Defendants assign as error that the trial judge failed to instruct the jury in accordance with the second paragraph of G.S. 136-89.52 which reads as follows:

“Along new controlled-access highway locations, abutting property owners shall not be entitled to access to such new locations, and no abutters’ easement of access to such new locations shall attach to said property. Where part of a tract of land is taken or acquired for the construction of a controlled-access facility on a new location, the nature of the facility constructed on the part taken, including the fact that there shall be no direct access thereto, shall be considered in determining the fair market value of the remaining property immediately after the taking.”

Defendants’ situation is that their remaining property does not abut the controlled-access highway (Interstate 40). Crayton Road, to which there is access from defendants’ remaining property, lies between Interstate 40 and defendants’ remaining property. It is true that Interstate 40 is constructed upon property acquired from defendants, but the access to Interstate 40 *24which is denied is access from State Highway Commission property (acquired from defendants) which lies between Interstate 40 and Crayton Road. Defendants’ remaining property, situated on the opposite side of Crayton Road from Interstate 40, has access to Crayton Road in a manner similar to that which defendants’ whole property had before the condemnation began. Defendants have not been denied access from their remaining property to Crayton Road and their remaining property does not abut the controlled-access highway. The last sentence of the second paragraph of G.S. 136-89.52, when read in conjunction with the first sentence of said second paragraph, contemplates a situation where the remaining property abuts the new controlled-access highway. Defendants are not denied access to a highway or roadway which abuts their property. In view of these circumstances we hold that the trial judge was correct in not instructing the jury in accordance with the second paragraph of G.S. 136-89.52. This assignment of error is overruled.

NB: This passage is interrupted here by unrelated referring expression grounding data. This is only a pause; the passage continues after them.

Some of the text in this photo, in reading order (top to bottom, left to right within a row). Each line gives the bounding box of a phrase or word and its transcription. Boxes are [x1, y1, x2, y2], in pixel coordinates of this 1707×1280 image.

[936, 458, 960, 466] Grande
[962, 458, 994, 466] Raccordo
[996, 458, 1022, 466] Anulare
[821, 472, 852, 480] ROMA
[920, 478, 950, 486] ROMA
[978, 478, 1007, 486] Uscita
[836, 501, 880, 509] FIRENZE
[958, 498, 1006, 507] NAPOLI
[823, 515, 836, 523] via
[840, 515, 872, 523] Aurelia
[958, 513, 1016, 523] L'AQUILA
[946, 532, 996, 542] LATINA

Defendants assign as error that the trial judge failed to instruct the jury in accordance with the second sentence of G.S. 136-89.53, which reads as follows: “When an existing street or highway shall be designated as and included within a controlled-access facility the owners of land abutting such existing street or highway shall be entitled to compensation for the taking or injury to their easements of access.” This provision has no application to the present proceeding. The existing highway, Crayton Road, was relocated outside of the controlled-access area. The quoted sentence applies where an existing street or highway is designated a controlled-access facility thereby depriving a landowner of access from his property which he once had. In the present case, as pointed out, defendants have access from their property to each highway or roadway to which they had access prior to this proceeding. We hold that the trial judge was correct in not instructing the jury in accordance with the above quoted sentence. This assignment of error is overruled.

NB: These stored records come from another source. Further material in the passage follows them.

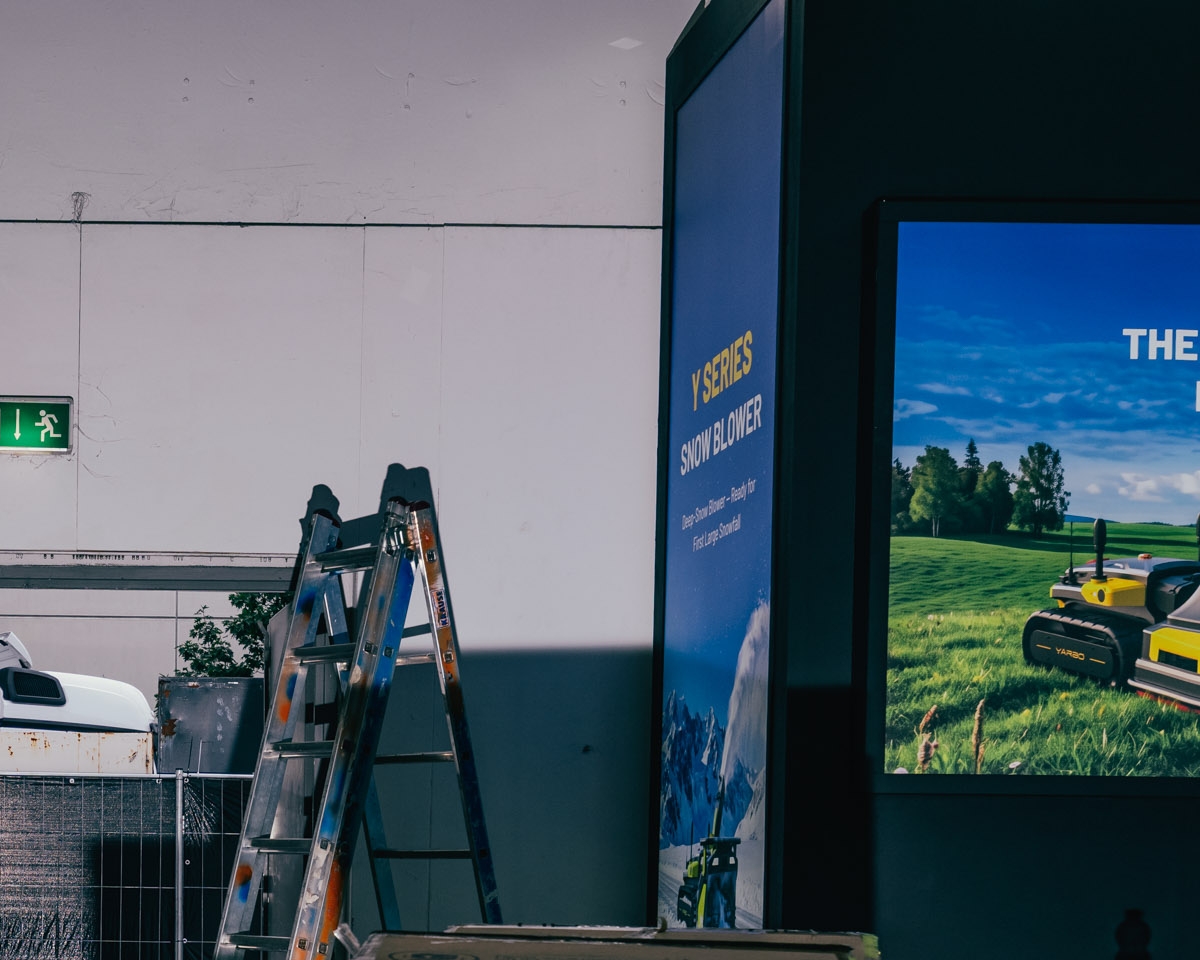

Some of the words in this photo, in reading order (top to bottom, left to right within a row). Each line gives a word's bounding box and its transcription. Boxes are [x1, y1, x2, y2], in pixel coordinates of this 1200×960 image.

[1122, 328, 1199, 361] THE
[692, 369, 701, 412] Y
[703, 330, 753, 404] SERIES
[680, 426, 712, 476] SNOW
[713, 393, 762, 456] BLOWER
[681, 505, 708, 530] Deep-Snow
[709, 495, 726, 515] Blower
[731, 481, 747, 504] Ready
[705, 523, 719, 547] Large
[719, 513, 742, 538] Snowfall
[1054, 645, 1086, 661] YARBO

Defendants assign as error that the trial judge failed to instruct the jury specifically that it should consider loss of view and sight distance looking towards defendants’ property from the south and looking from defendants’ property towards the south. It is noted that His Honor instructed the jury that the “compensation must be full and complete and include everything which affects the value of the property taken and in relation *25to the entire property affected.”. Also he instructed the jury that it should “include compensation for the part actually appropriated or taken by the Highway Commission and compensation for damages, if any, to the remaining portion.” Defendants’ witnesses were permitted to testify concerning the loss of sight distance caused by the “fill” upon which Interstate 40 was constructed, and to testify that they took this factor into consideration in their estimation of market value after the taking. The jury was permitted to view defendants’ exhibits (photographs) which clearly portrayed the “fill” and loss of sight distance along Sweeten Creek Road looking towards defendants’ property from the south and looking from defendants’ property towards the south. The trial judge is not required to instruct the jury upon the law applicable to each item of evidence or testimony. Particularly, this is true where there is no request for special instructions. We note that at the conclusion of his instructions the trial judge asked counsel for defendants if they had any “additions or corrections to the charge?” Their reply was, “no sir.” In our view the instructions given by the trial judge were sufficient to present to the jury all questions of damage as raised by defendants’ evidence. This assignment of error is overruled.

Defendants assign as error other portions of the charge to the jury. Reading the charge as a whole, as we must do, we hold that the trial judge fairly instructed the jury upon the principles of law applicable to the case. The jury was permitted to consider all of defendants’ relevant evidence and it has made its determination of just compensation.

No error.

Judges Campbell and Britt concur.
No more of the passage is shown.